WORK INSTRUCTIONS: Write out exactly, and only, the lines below from the line with "this 1200×1600 image." through the line with "Some of the text"; pictures do not belong in the copy.
+++ RECORDS FOR THIS TASK +++
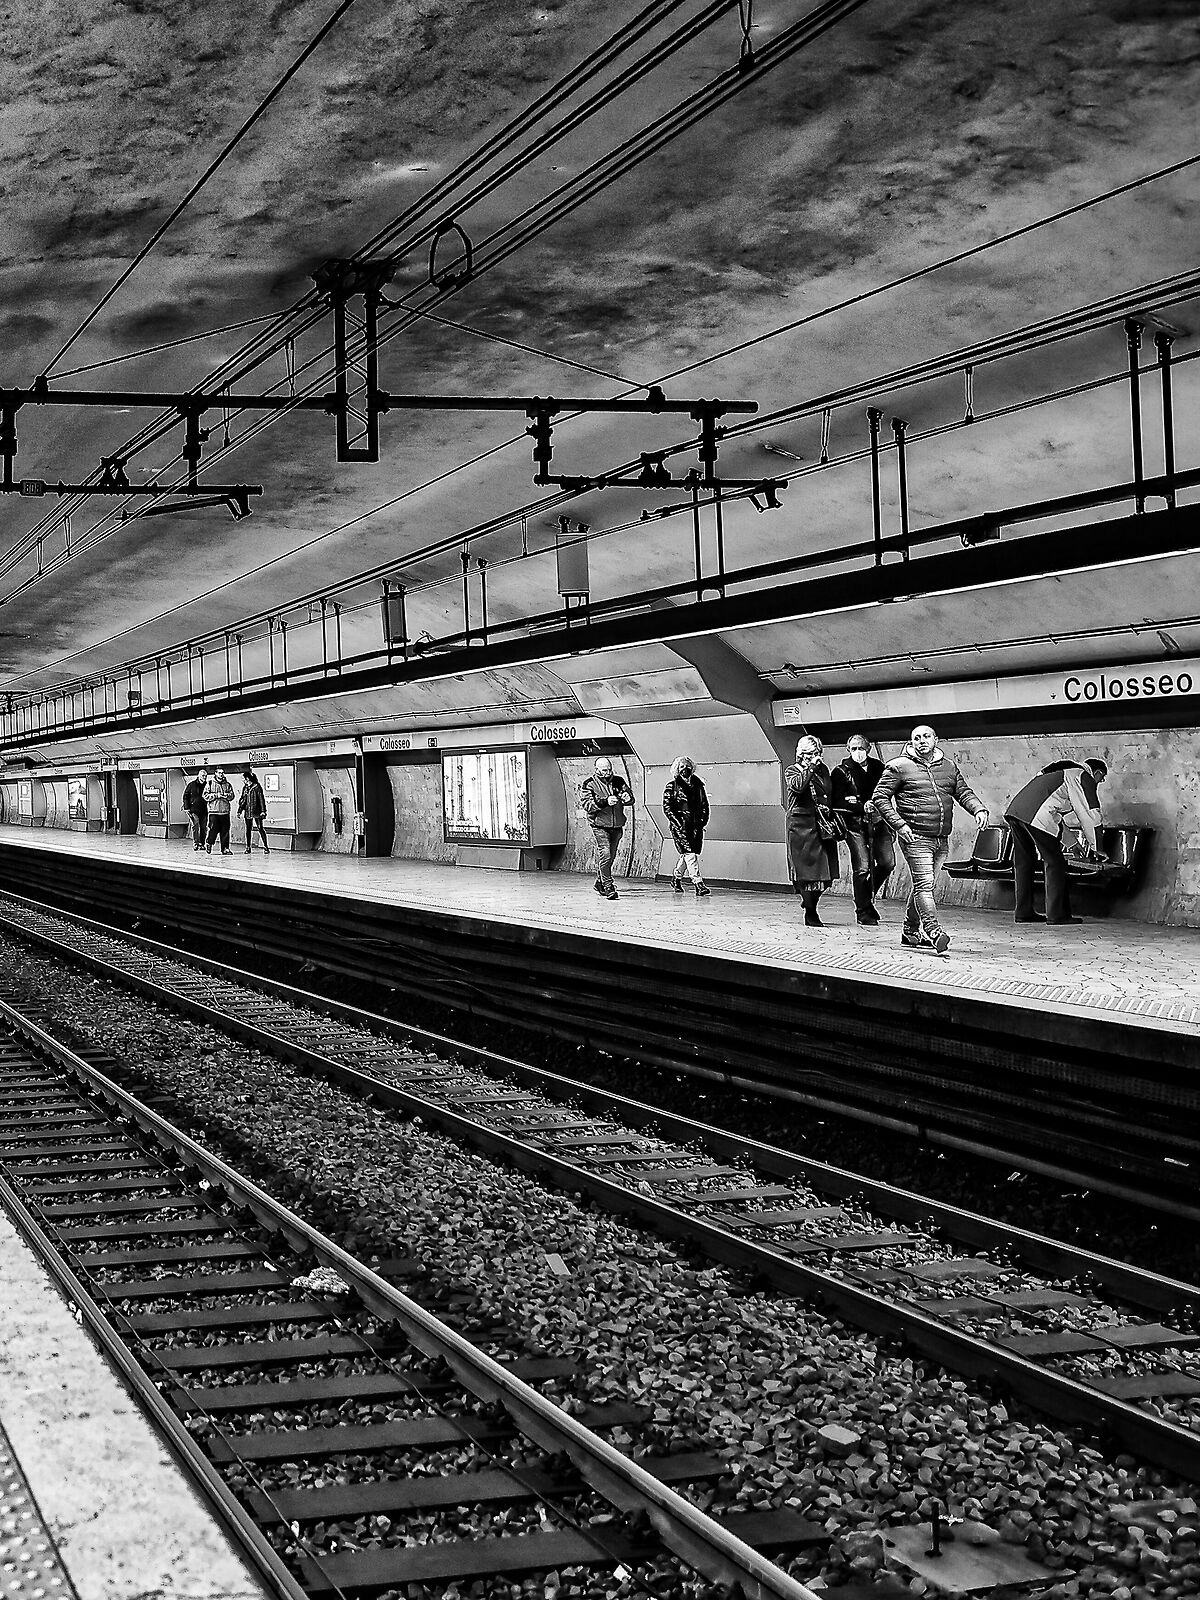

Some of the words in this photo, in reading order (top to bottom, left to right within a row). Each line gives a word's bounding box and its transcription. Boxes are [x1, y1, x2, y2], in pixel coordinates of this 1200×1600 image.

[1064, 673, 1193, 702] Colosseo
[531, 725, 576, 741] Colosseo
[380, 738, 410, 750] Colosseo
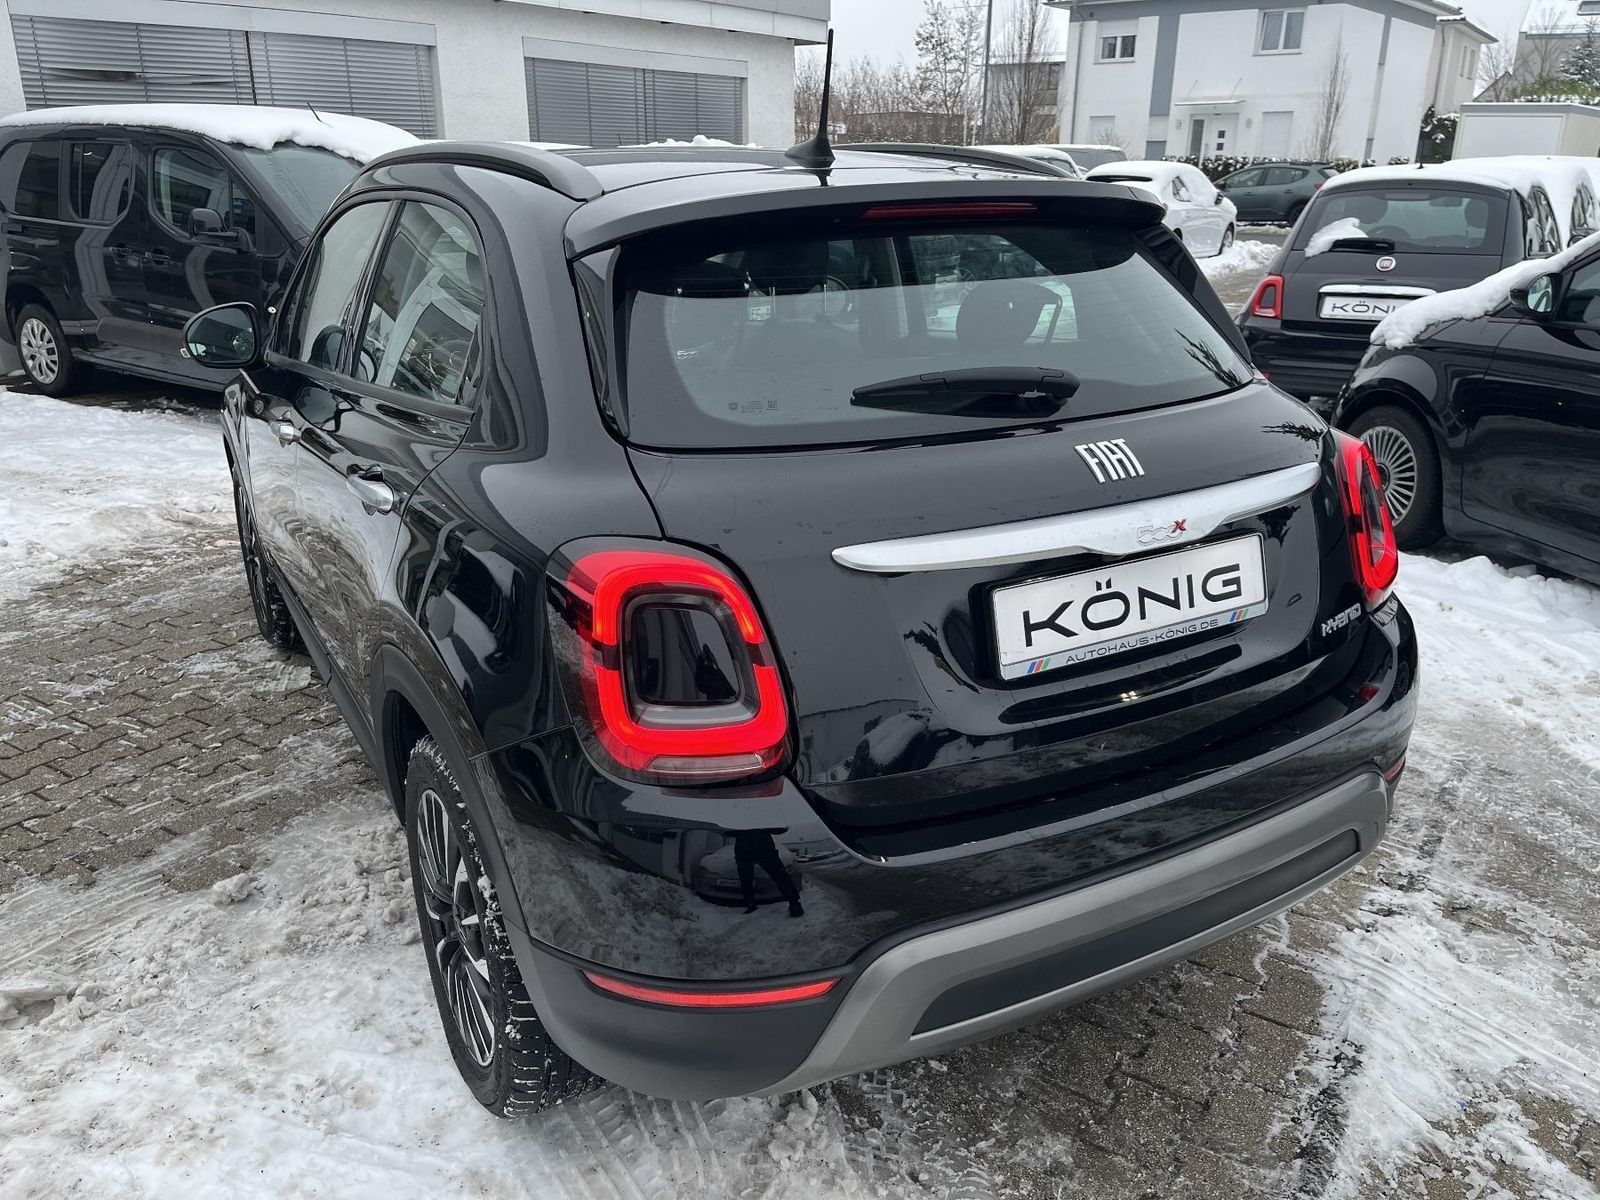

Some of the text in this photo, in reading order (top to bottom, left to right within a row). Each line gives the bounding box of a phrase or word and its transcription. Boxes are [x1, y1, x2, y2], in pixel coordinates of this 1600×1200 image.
+++
+++ RECORDS FOR THIS TASK +++
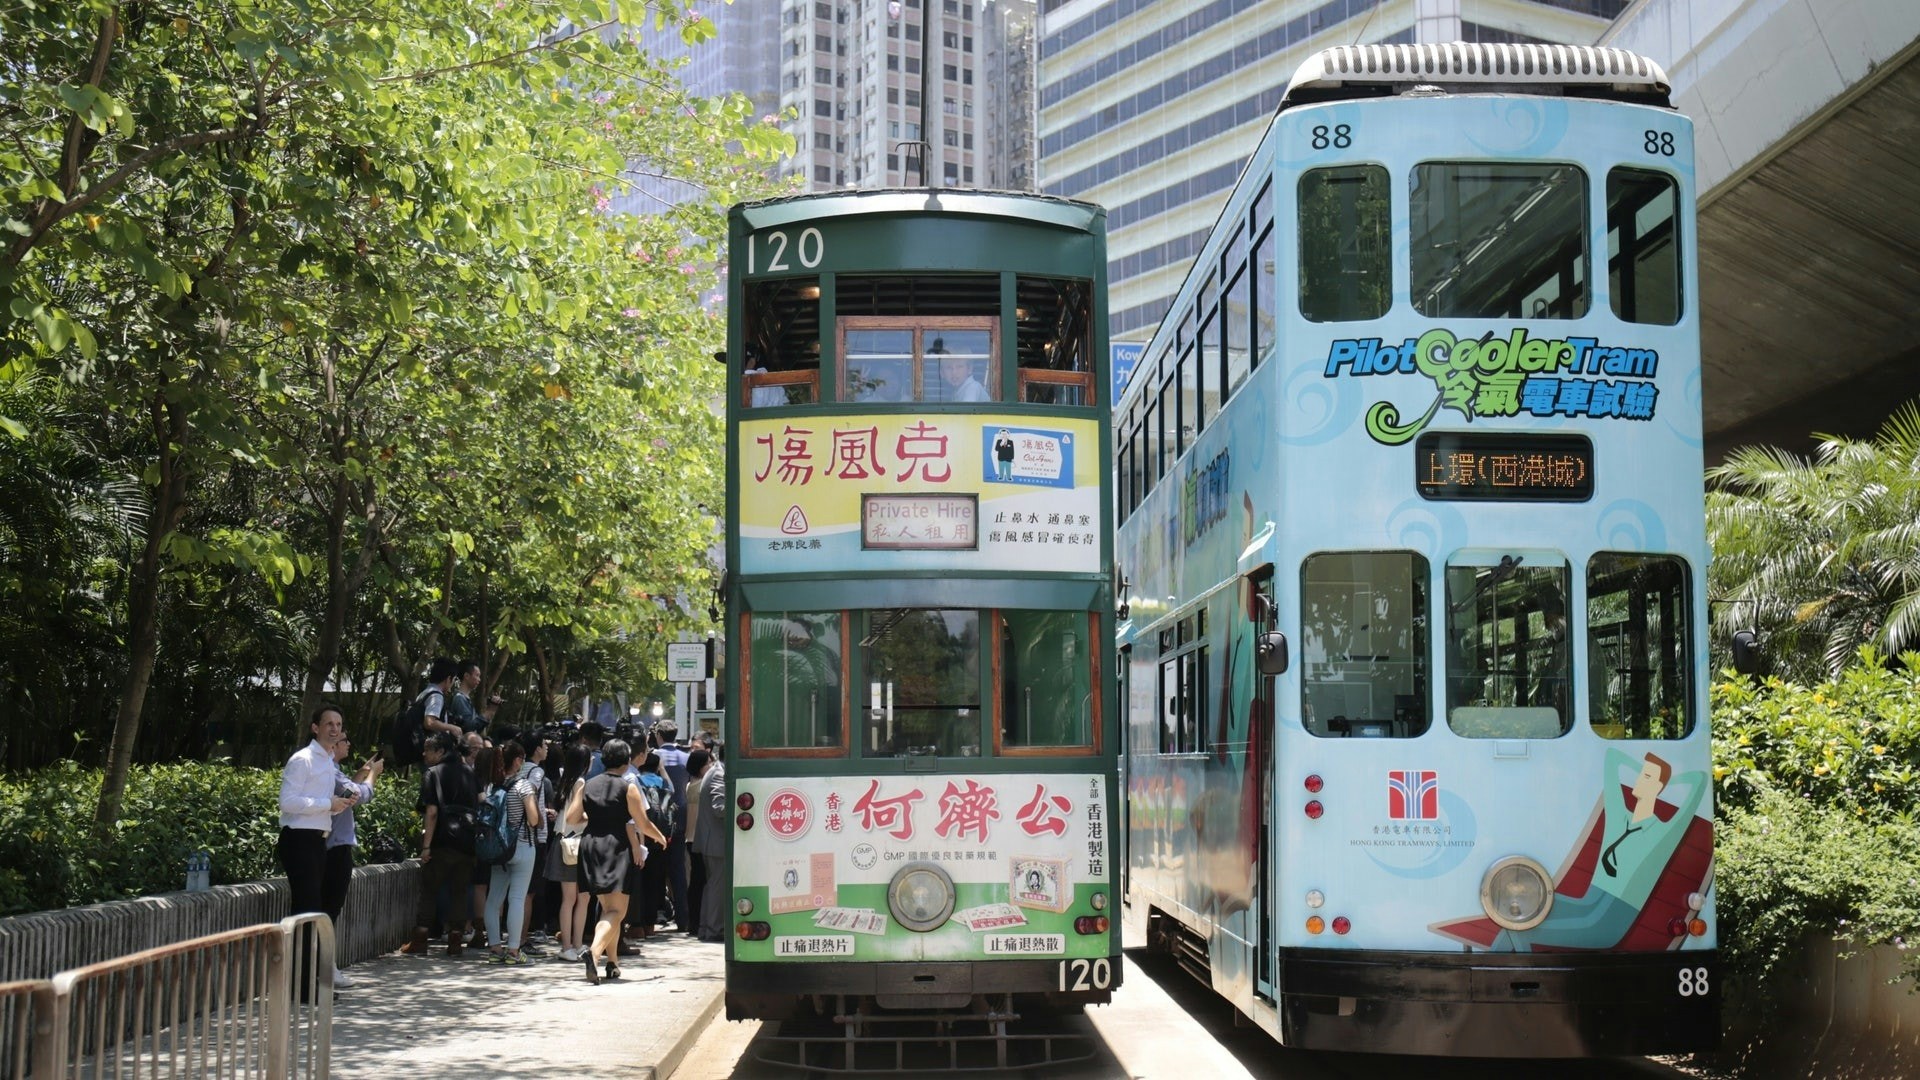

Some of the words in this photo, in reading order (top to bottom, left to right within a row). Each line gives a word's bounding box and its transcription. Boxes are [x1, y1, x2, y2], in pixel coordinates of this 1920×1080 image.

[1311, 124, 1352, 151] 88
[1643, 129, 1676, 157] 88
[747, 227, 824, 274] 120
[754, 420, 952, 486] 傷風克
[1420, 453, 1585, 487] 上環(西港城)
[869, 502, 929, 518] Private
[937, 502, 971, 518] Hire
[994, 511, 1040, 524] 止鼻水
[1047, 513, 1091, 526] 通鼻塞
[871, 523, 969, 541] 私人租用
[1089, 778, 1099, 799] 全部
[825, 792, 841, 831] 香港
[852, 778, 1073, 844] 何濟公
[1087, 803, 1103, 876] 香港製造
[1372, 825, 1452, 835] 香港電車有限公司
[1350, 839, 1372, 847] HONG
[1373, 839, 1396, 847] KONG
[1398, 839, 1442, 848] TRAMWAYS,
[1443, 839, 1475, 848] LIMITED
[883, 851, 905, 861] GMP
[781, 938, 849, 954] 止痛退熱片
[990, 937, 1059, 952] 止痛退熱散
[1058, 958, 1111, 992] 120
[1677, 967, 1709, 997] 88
+++
OUTPUT BELOW:
Some of the words in this photo, in reading order (top to bottom, left to right within a row). Each line gives a word's bounding box and its transcription. Boxes are [x1, y1, x2, y2], in pixel coordinates of this 1200×1600 image.

[1064, 673, 1193, 702] Colosseo
[531, 725, 576, 741] Colosseo
[380, 738, 410, 750] Colosseo

Some of the text in this photo, in reading order (top to bottom, left to right within a row). Each line gives the bounding box of a phrase or word and its transcription. Boxes are [x1, y1, x2, y2], in pixel coordinates of this 1600×1200 image.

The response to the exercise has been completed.